Oder wie es ihm über die Jahre so erging.

Das Fahrgestell mit Motor wurde 1925 auf dem New Yorker Auto Salon ausgestellt, dort verkauft und dann von der Firma Murphy mit einer Karosserie versehen, die sich an das Duesenbergdesign anlehnt. Die detaillierte Geschichte des Fahrzeugs ist bekannt. 

Der Zustand

Oder wie er wirklich ist: Original, Geliftet oder Runderneuert?

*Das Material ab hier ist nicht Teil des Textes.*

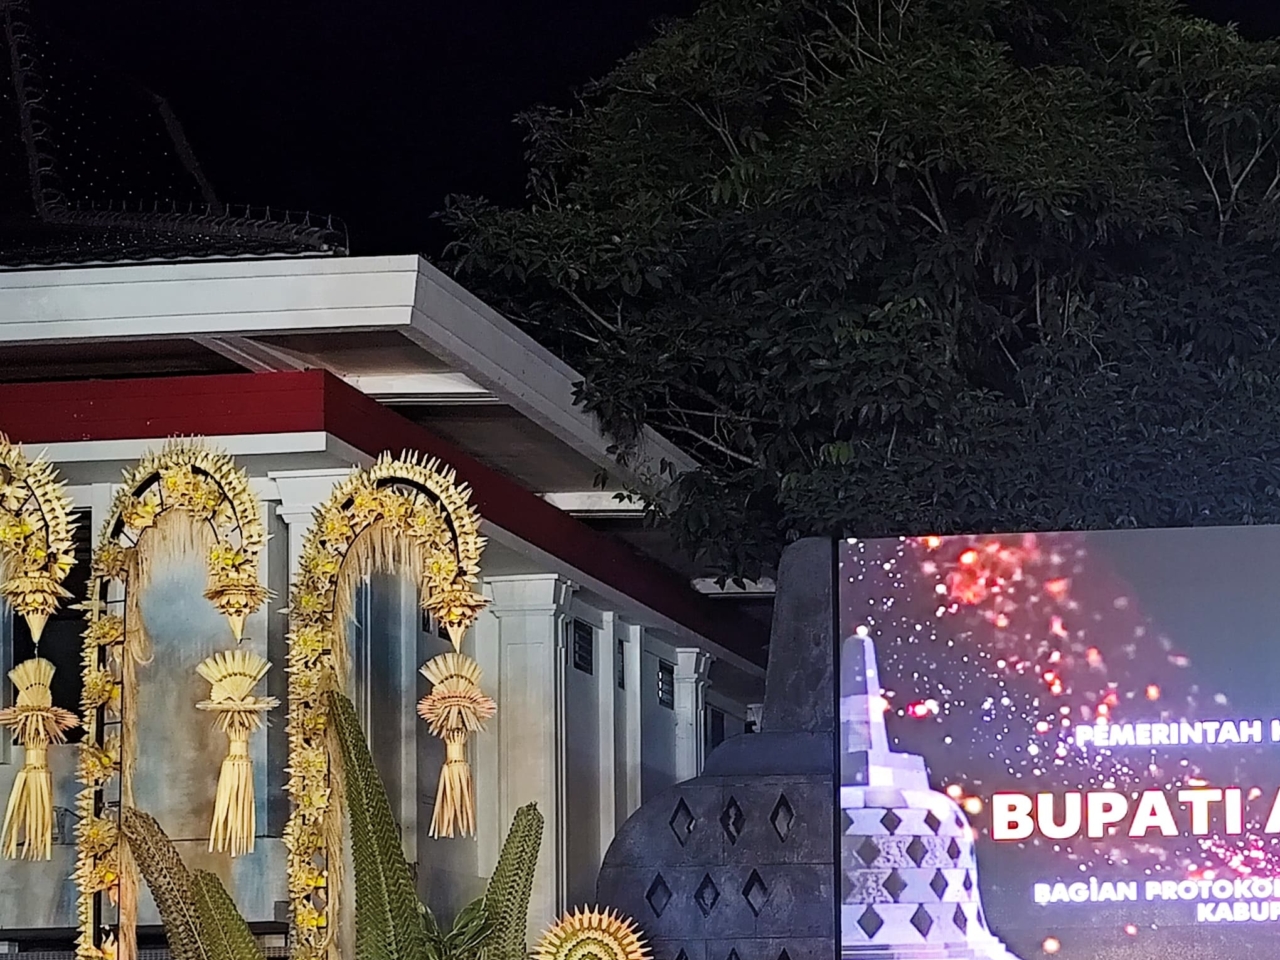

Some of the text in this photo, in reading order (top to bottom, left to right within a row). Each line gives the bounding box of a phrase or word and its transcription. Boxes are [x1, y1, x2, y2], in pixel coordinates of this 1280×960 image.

Mitte der 80-er wurde das Fahrzeug als Scheunenfund entdeckt und danach von Grund auf restauriert, ohne Rücksicht auf die Kosten. Der Wagen ist bis ins letzte Detail perfekt – eine Augenweide ist besonders der Motor.

Die Verwendung

Oder was kann er noch?

Sammlungen, Veranstaltungen und Concours d´Elegance sind seine wahre Bestimmung bis heute. Schon 1987 errang er nach der Restaurierung beim Concours d´Elegance in Pebble Beach eine der ersten Platzierungen – und diese Qualität besitzt das Fahrzeug heute noch.